#### Data for the task:

——————

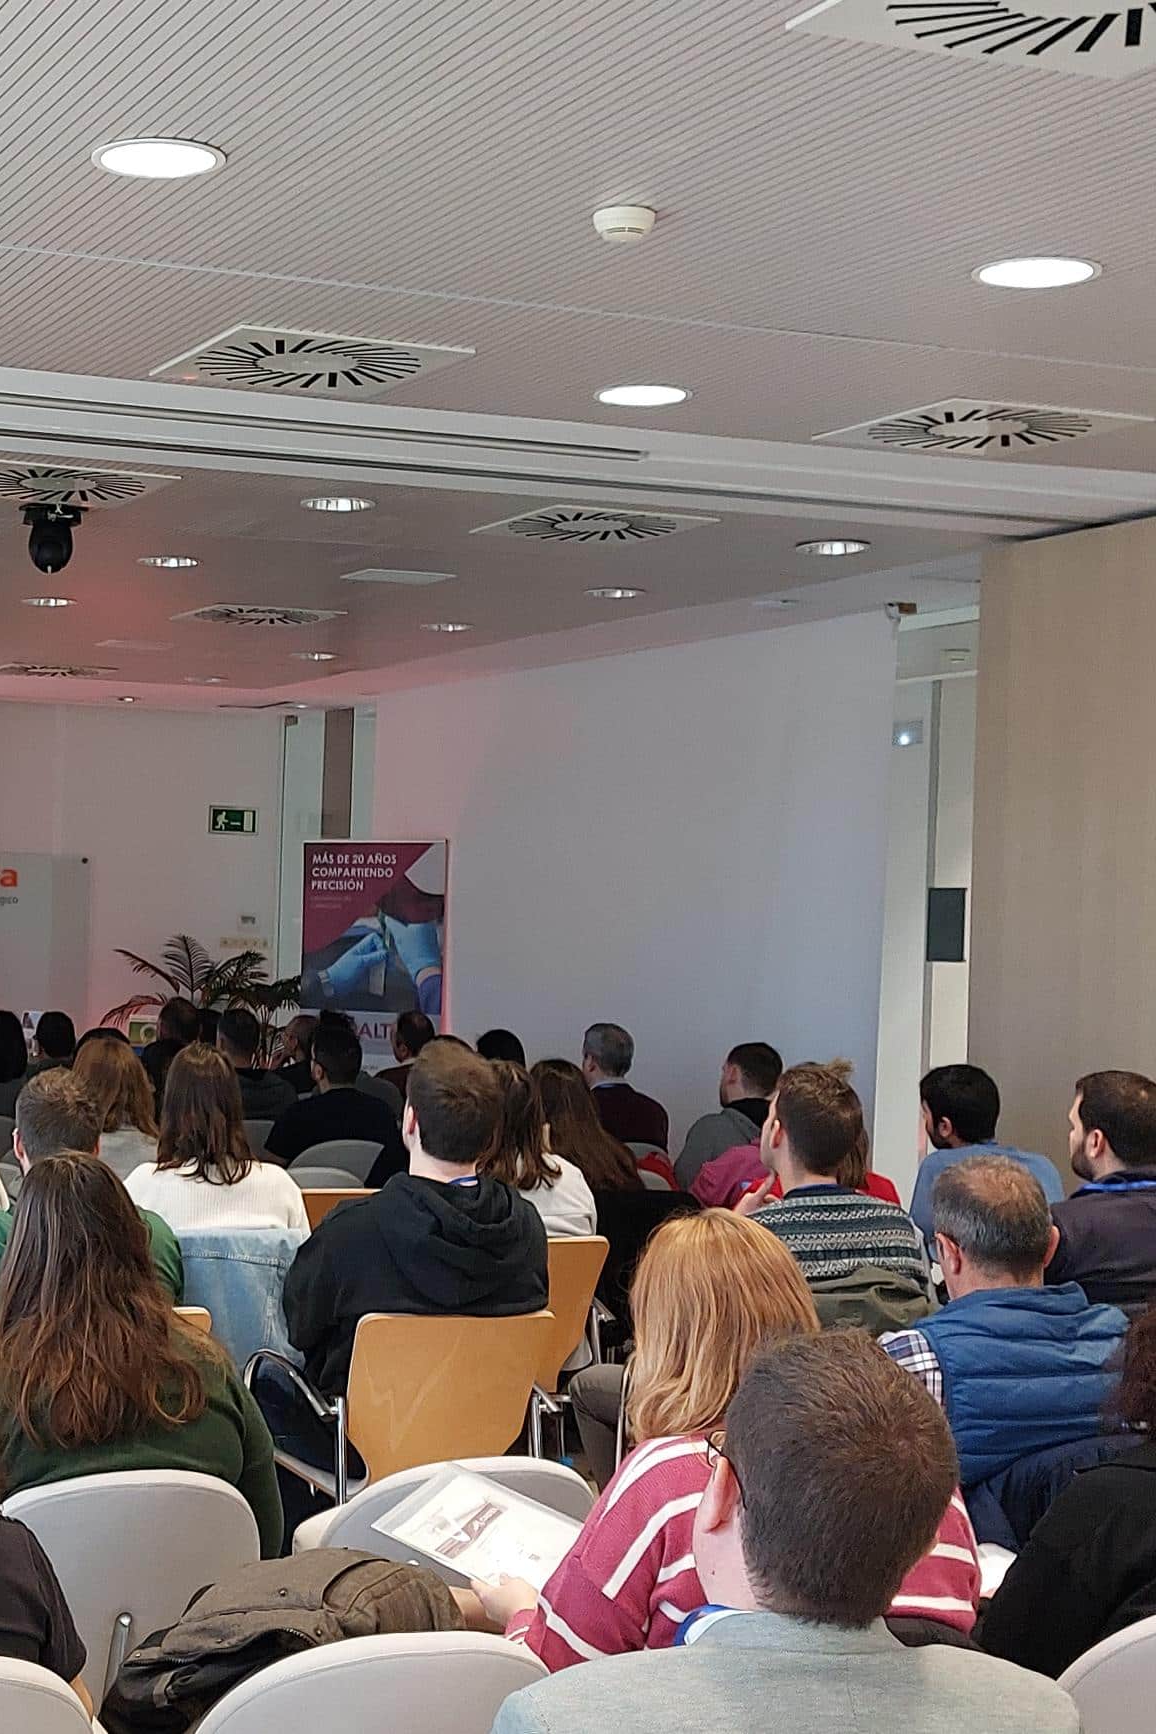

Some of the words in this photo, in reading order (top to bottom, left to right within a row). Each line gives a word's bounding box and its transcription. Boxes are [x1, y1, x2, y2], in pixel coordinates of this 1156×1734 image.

[312, 850, 334, 865] MÁS
[337, 854, 349, 865] DE
[352, 854, 364, 865] 20
[367, 852, 397, 865] AÑOS
[311, 867, 394, 879] COMPARTIENDO
[311, 878, 364, 891] PRECISIÓN
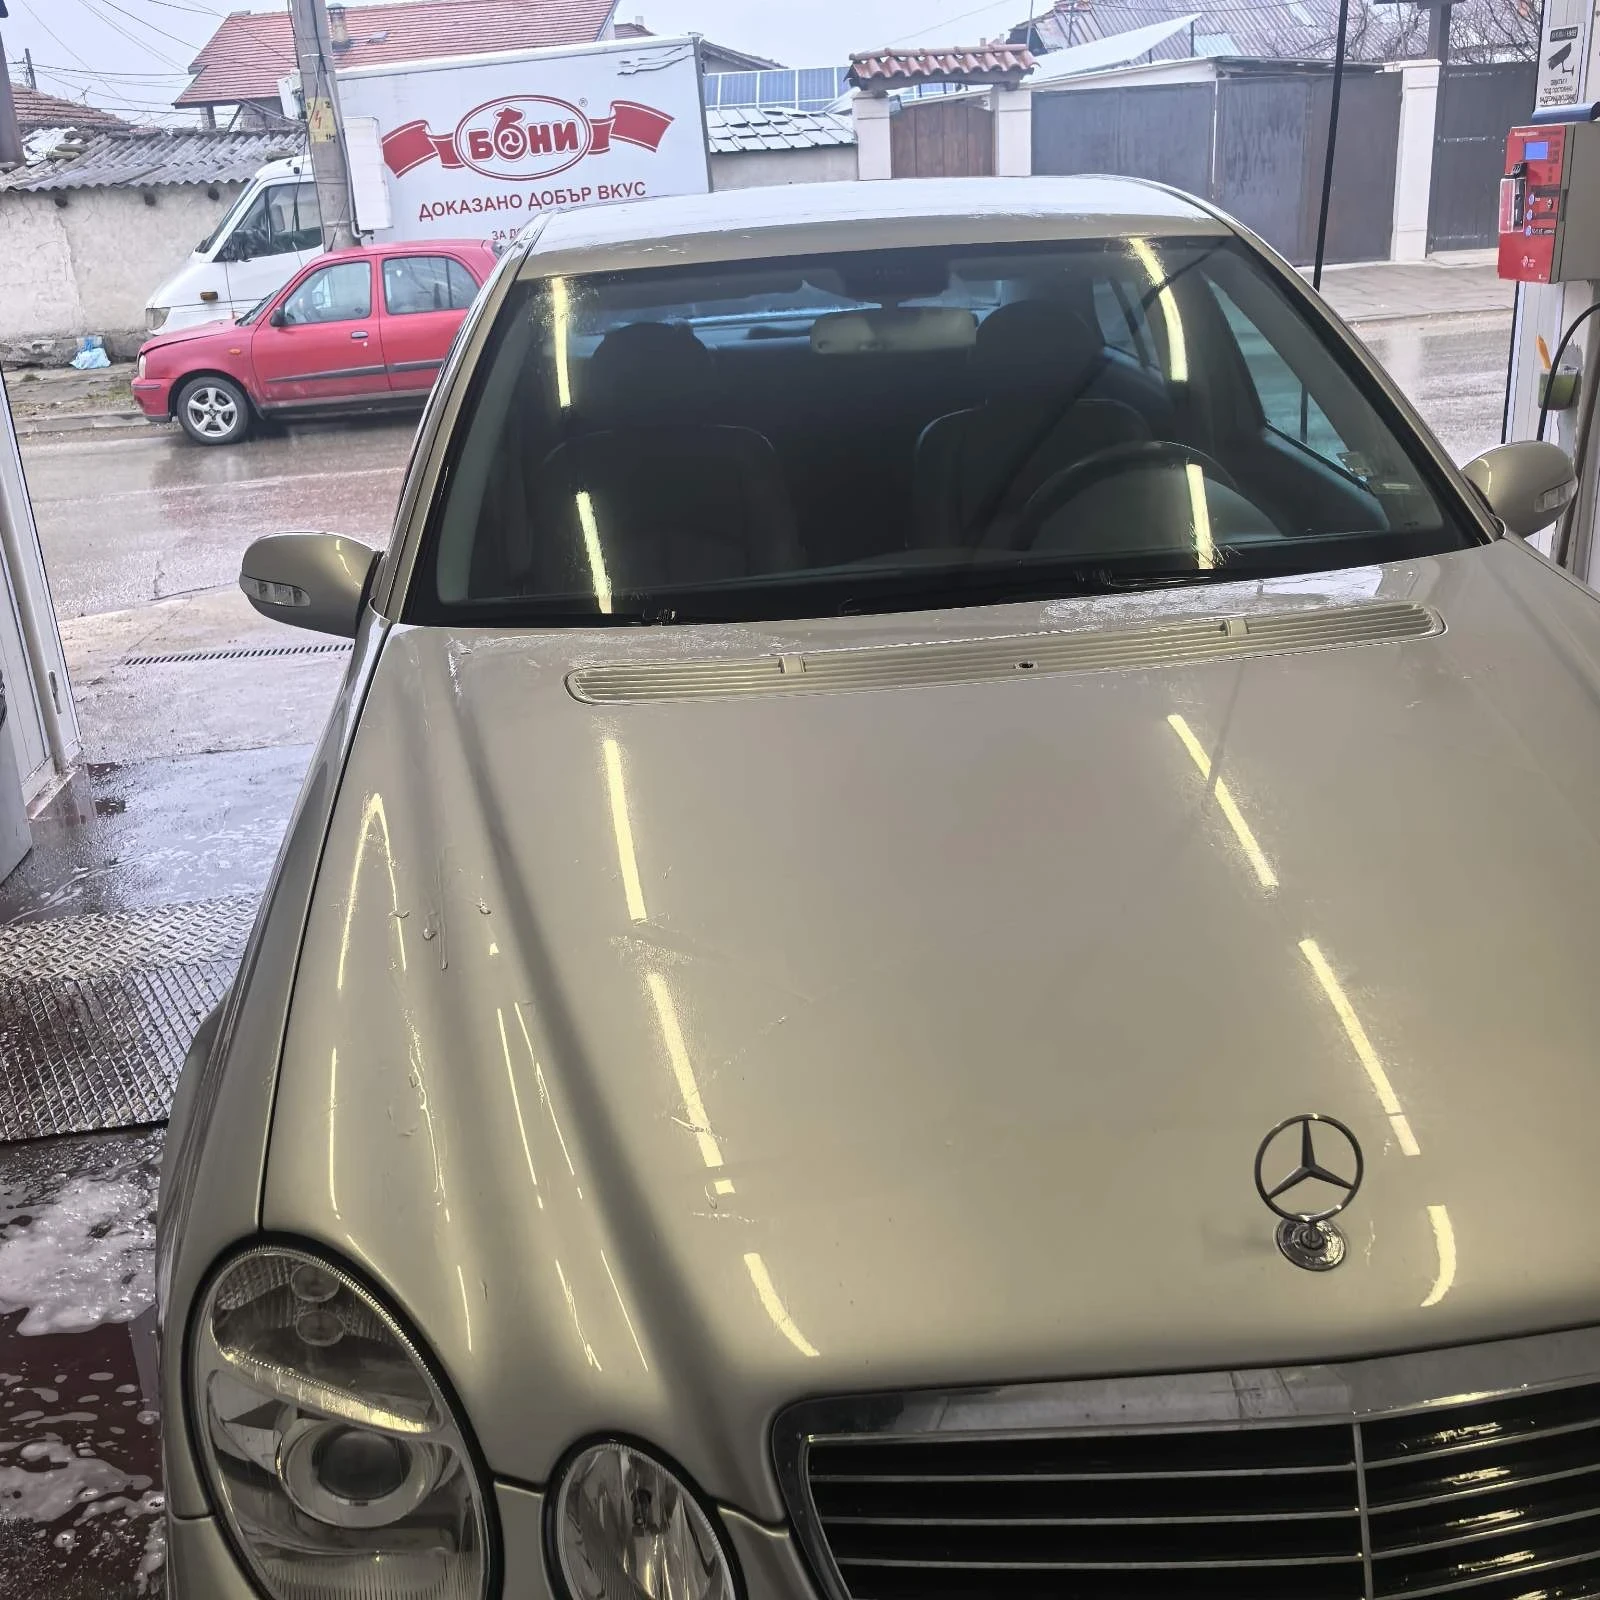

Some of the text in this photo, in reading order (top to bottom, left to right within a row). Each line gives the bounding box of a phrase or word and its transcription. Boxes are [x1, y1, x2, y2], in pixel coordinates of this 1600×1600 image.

[467, 107, 580, 161] БОНИ
[419, 181, 646, 221] ДОКАЗАНО ДОБЪР ВКУС
[492, 230, 506, 240] ЗА

——————

#### Work request:
Please copy the data above character for character, skipping any pictures.

#### Problem solution:
Some of the words in this photo, in reading order (top to bottom, left to right within a row). Each line gives a word's bounding box and its transcription. Boxes are [x1, y1, x2, y2], in pixel coordinates of this 1156×1734 image.

[312, 850, 334, 865] MÁS
[337, 854, 349, 865] DE
[352, 854, 364, 865] 20
[367, 852, 397, 865] AÑOS
[311, 867, 394, 879] COMPARTIENDO
[311, 878, 364, 891] PRECISIÓN

Some of the text in this photo, in reading order (top to bottom, left to right within a row). Each line gives the bounding box of a phrase or word and its transcription. Boxes are [x1, y1, x2, y2], in pixel coordinates of this 1600×1600 image.

[467, 107, 580, 161] БОНИ
[419, 181, 646, 221] ДОКАЗАНО ДОБЪР ВКУС
[492, 230, 506, 240] ЗА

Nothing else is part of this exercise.